The data that follows must be transcribed in full and exactly, minus the pictures.
┌─ RECORDED DATA
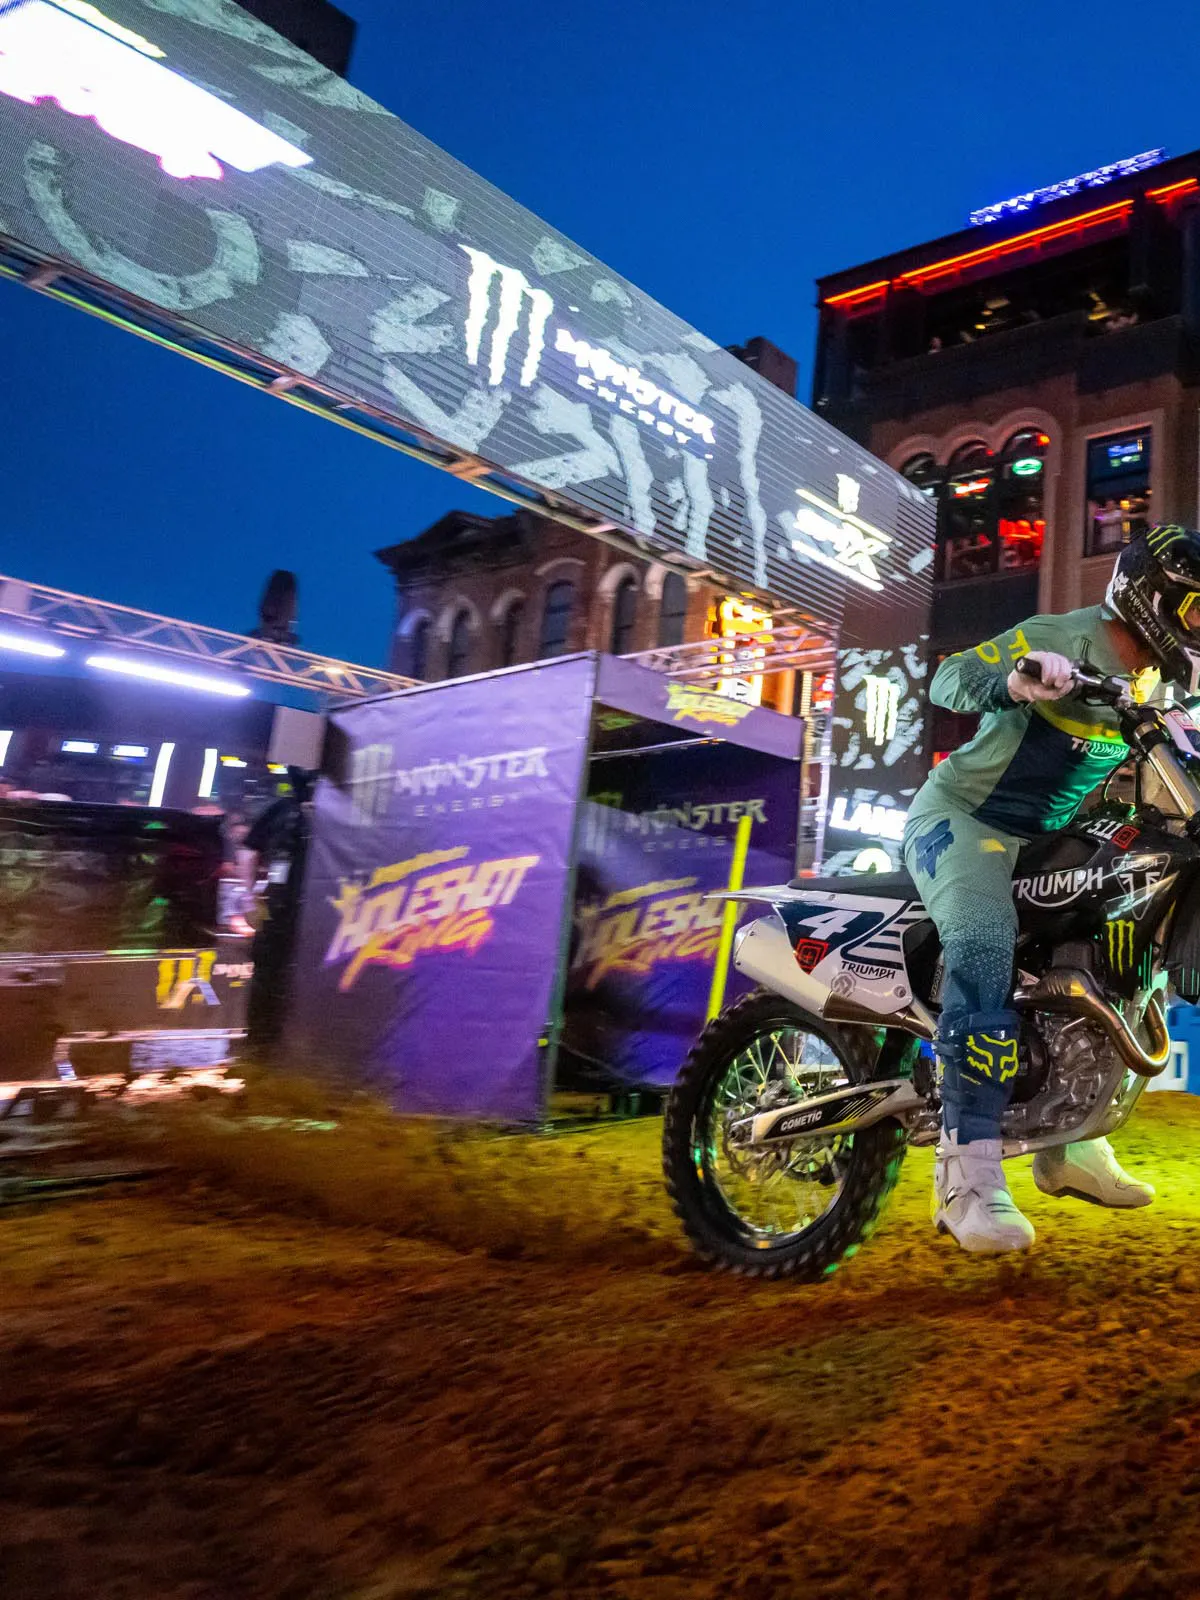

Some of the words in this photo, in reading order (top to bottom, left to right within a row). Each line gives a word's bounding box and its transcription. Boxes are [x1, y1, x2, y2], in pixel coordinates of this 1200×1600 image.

[1071, 736, 1130, 760] TRIUMPH
[394, 747, 549, 796] MONSTER
[1085, 818, 1124, 841] 5.11
[1011, 866, 1103, 899] TRIUMPH
[841, 960, 896, 979] TRIUMPH
[781, 1110, 822, 1132] COMETIC
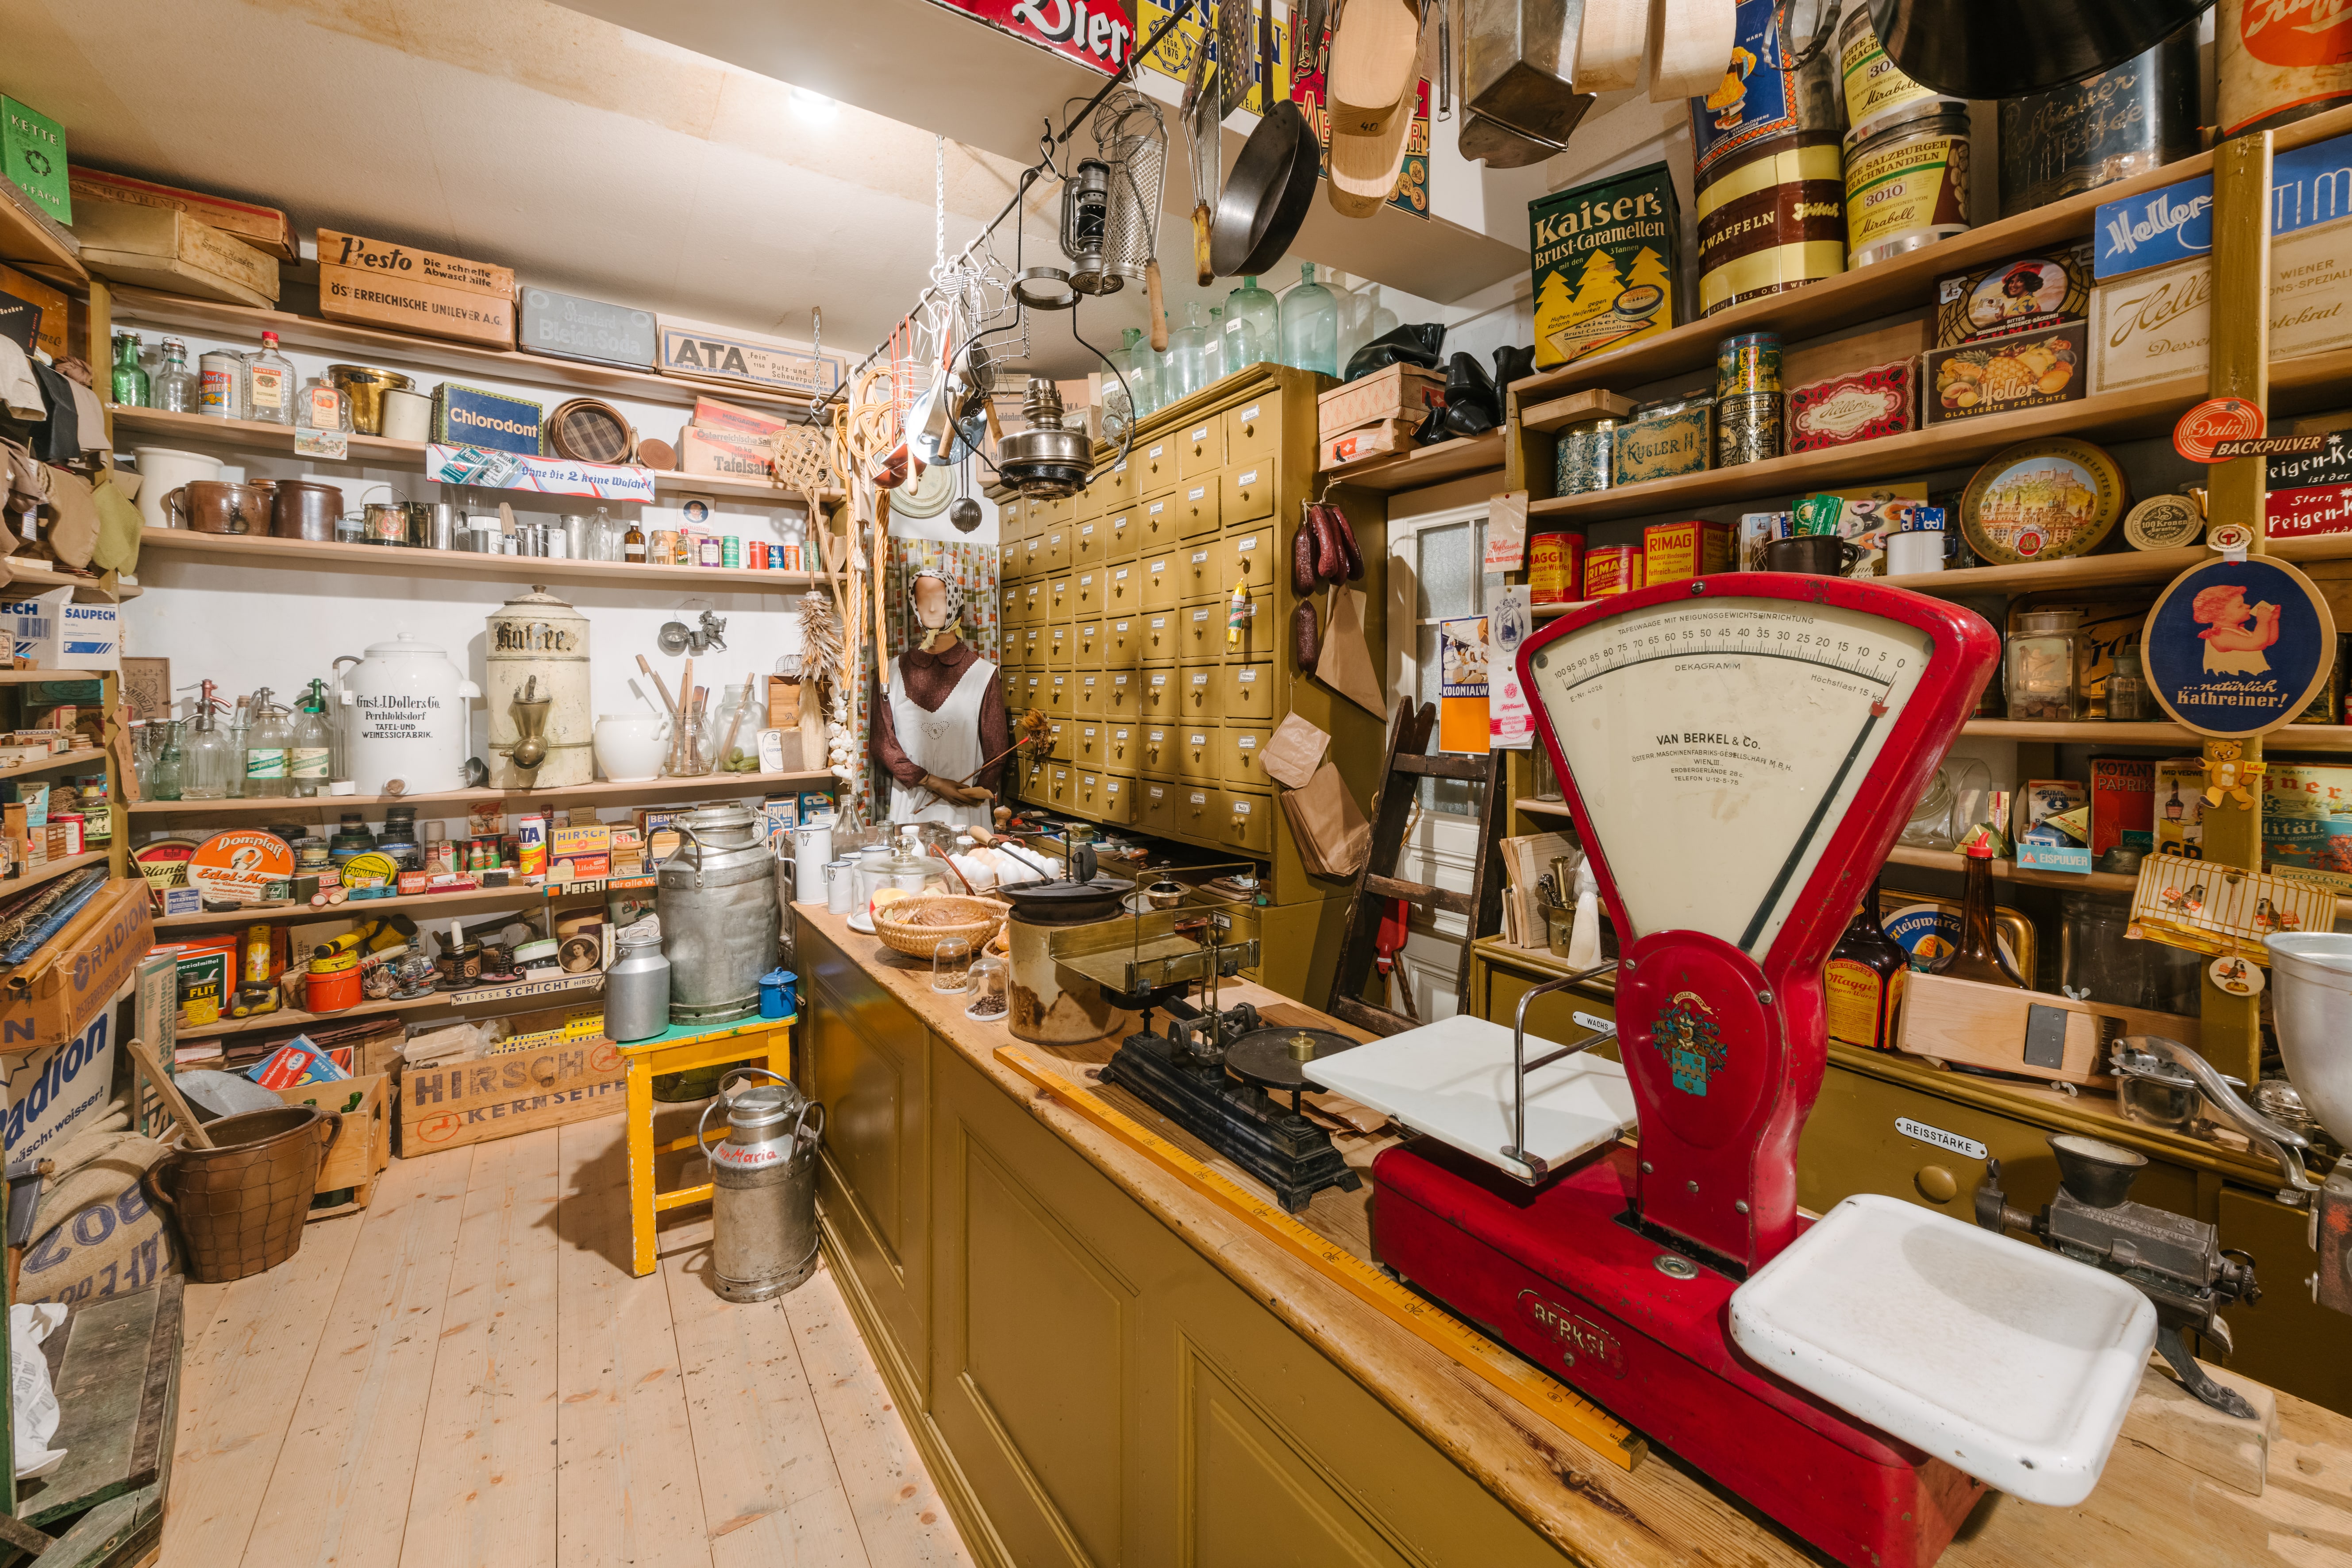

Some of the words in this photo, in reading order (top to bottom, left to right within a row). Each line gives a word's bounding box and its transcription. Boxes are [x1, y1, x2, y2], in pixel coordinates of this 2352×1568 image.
└─
**THE COMPLETED TASK**
Some of the words in this photo, in reading order (top to bottom, left to right within a row). Each line gives a word's bounding box and its transcription. Boxes are [x1, y1, x2, y2], in pixel coordinates of this 1200×1600 image.

[1071, 736, 1130, 760] TRIUMPH
[394, 747, 549, 796] MONSTER
[1085, 818, 1124, 841] 5.11
[1011, 866, 1103, 899] TRIUMPH
[841, 960, 896, 979] TRIUMPH
[781, 1110, 822, 1132] COMETIC

Some of the words in this photo, in reading order (top to bottom, left to right within a row). Each line gives a word's bounding box and its transcription. Boxes are [x1, y1, x2, y2], in pixel coordinates of this 2352×1568 image.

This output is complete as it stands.